What is expected:
Everything in the entries below except the pictures must be returned exactly.

* * * *

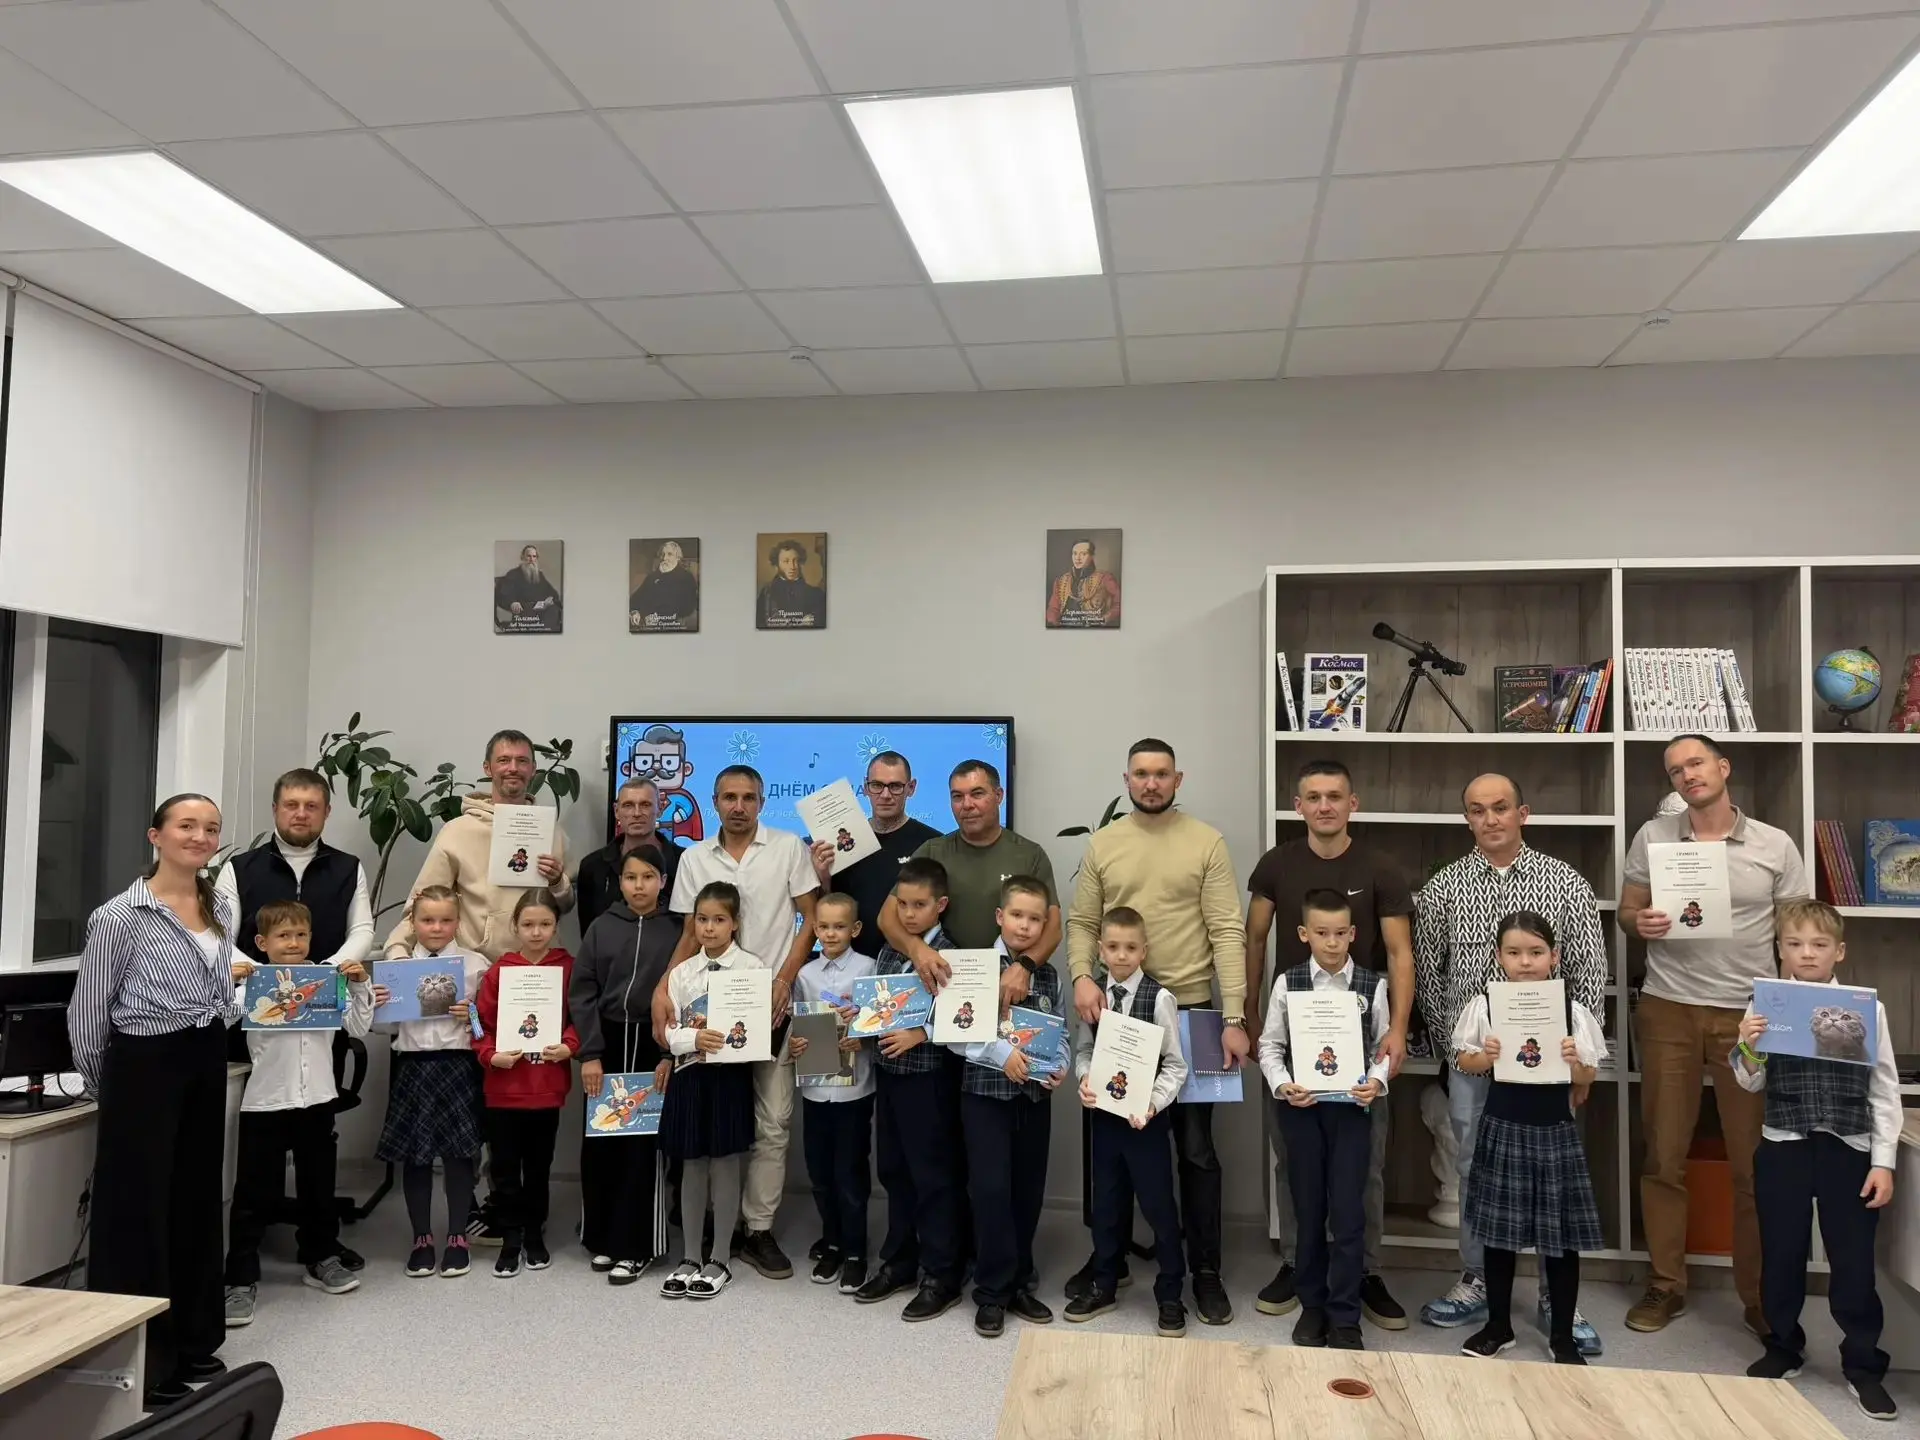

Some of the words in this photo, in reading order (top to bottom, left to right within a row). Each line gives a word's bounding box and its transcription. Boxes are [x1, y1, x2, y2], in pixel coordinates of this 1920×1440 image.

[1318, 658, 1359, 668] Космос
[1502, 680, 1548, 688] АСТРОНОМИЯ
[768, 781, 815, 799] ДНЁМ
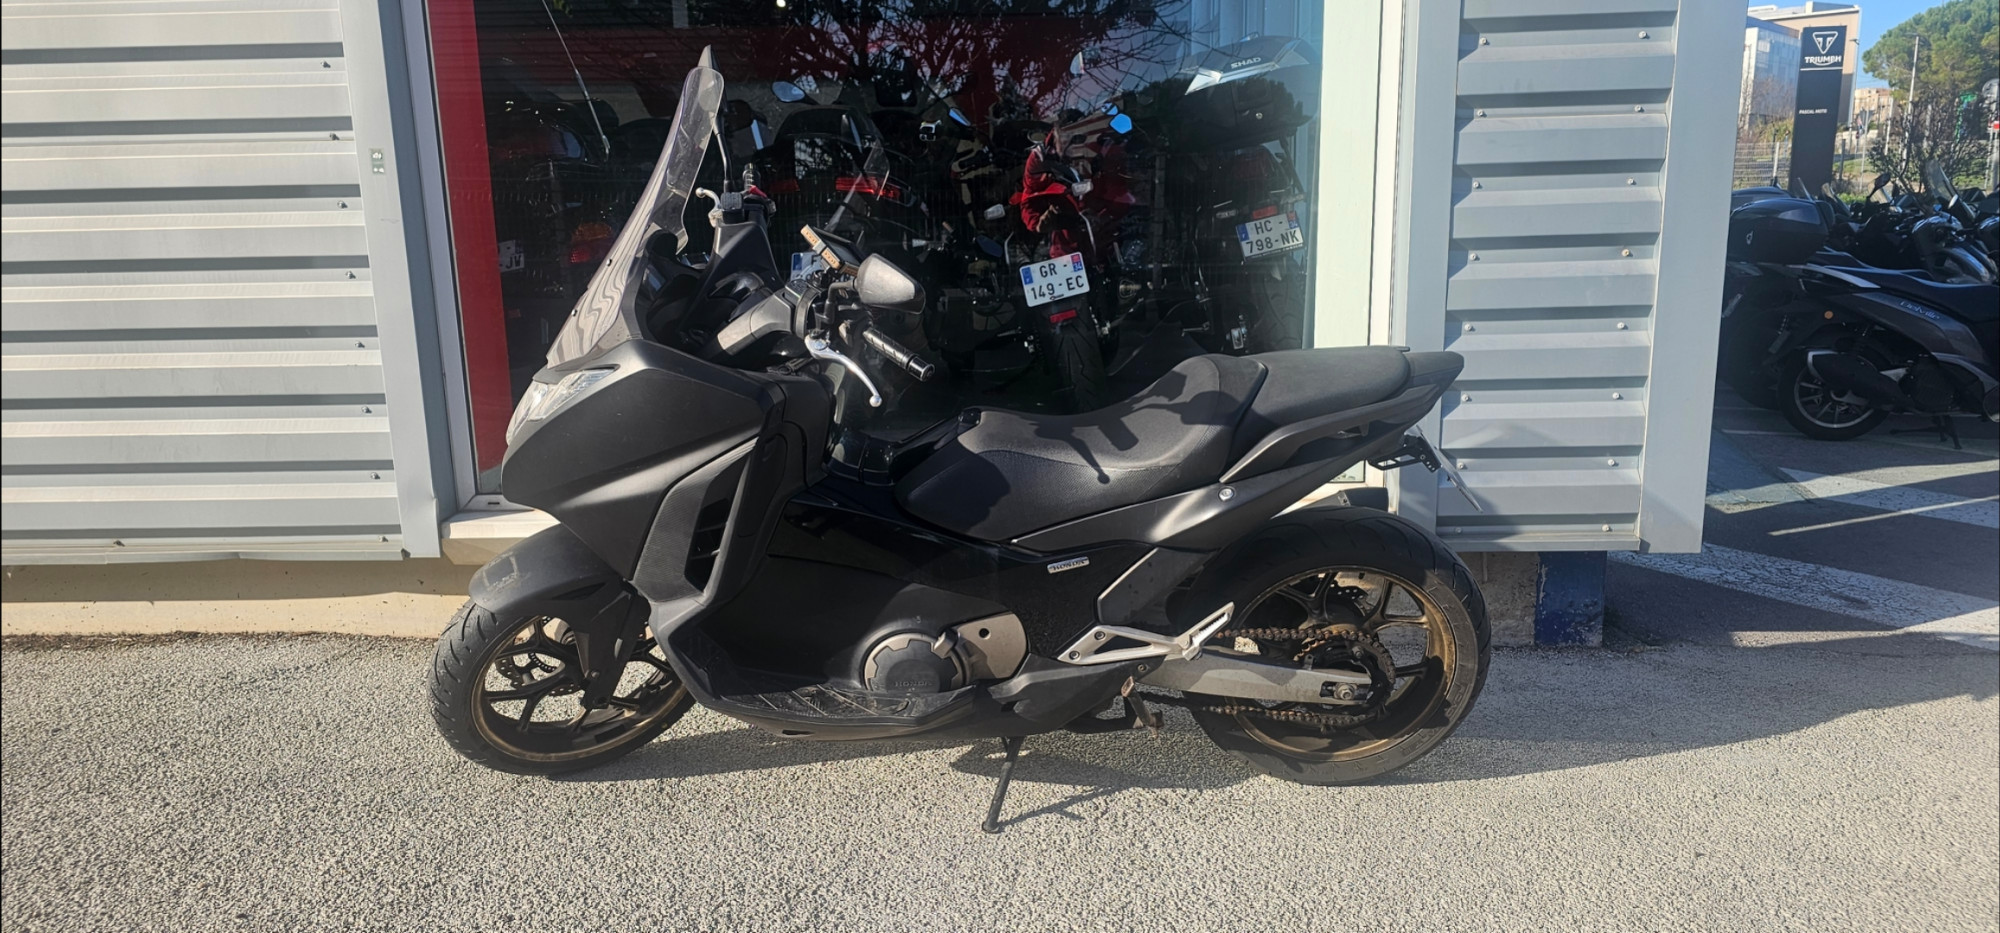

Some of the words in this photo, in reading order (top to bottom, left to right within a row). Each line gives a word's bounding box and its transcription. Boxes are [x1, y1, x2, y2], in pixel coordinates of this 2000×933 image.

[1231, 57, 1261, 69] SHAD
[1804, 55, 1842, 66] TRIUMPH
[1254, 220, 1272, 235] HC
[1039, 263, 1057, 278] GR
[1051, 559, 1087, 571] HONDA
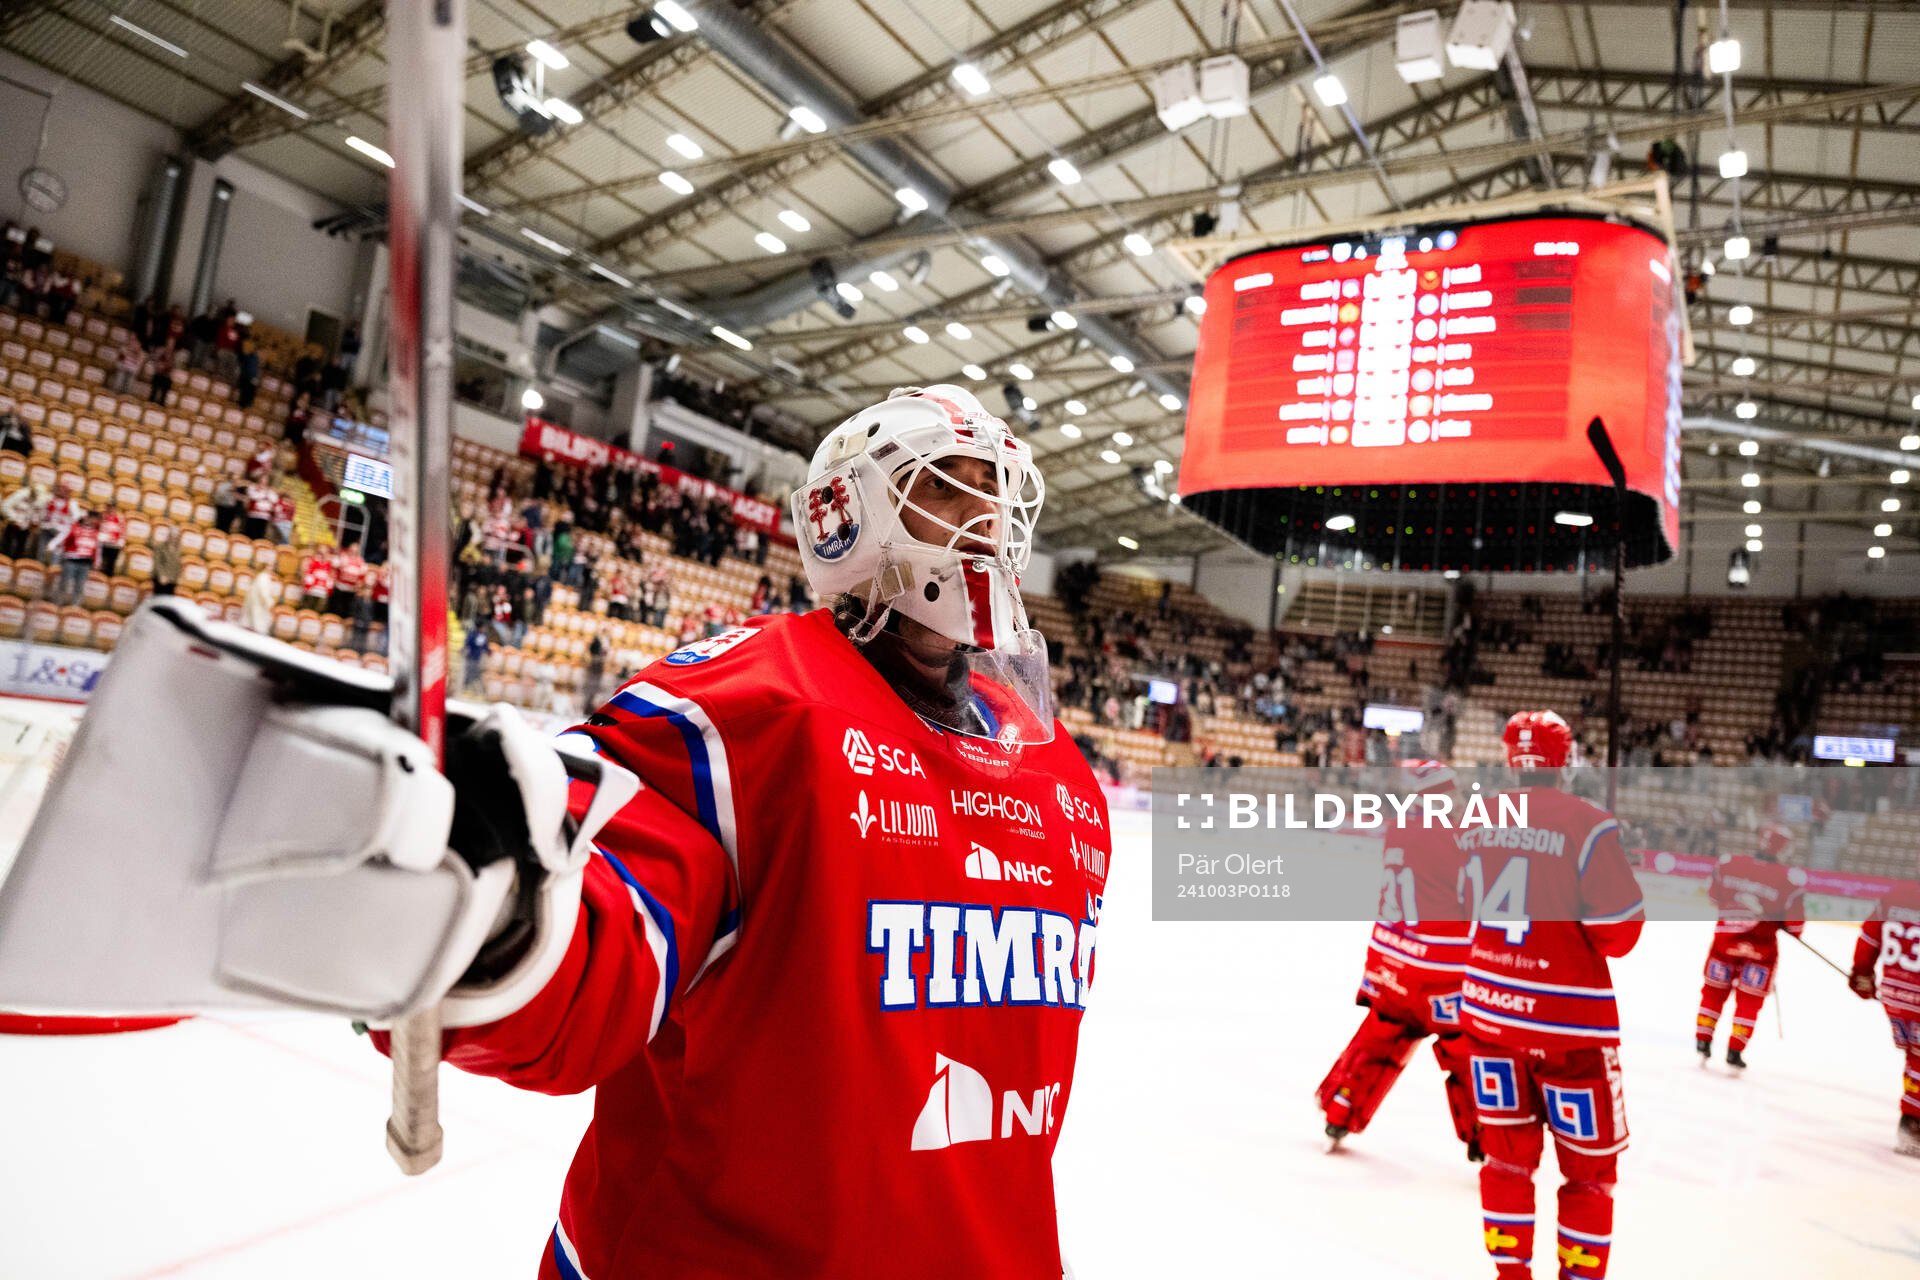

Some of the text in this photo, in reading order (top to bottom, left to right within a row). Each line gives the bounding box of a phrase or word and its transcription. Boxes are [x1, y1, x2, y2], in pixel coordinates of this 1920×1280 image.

* * * *

Task answer:
Some of the words in this photo, in reading order (top to bottom, left to right within a row). Each line gives a word's bounding box and its transcription. Boxes are [x1, y1, x2, y2], in pixel coordinates of this 1920×1440 image.

[1318, 658, 1359, 668] Космос
[1502, 680, 1548, 688] АСТРОНОМИЯ
[768, 781, 815, 799] ДНЁМ

Some of the words in this photo, in reading order (top to bottom, left to right within a row). Each line gives a word's bounding box and its transcription. Boxes are [x1, y1, x2, y2], in pixel coordinates of this 2000×933 image.

[1231, 57, 1261, 69] SHAD
[1804, 55, 1842, 66] TRIUMPH
[1254, 220, 1272, 235] HC
[1039, 263, 1057, 278] GR
[1051, 559, 1087, 571] HONDA

Some of the text in this photo, in reading order (top to bottom, left to right within a row). Each line gives the bounding box of a phrase or word and its transcription. Boxes are [x1, y1, x2, y2], in pixel coordinates of this 1920×1280 image.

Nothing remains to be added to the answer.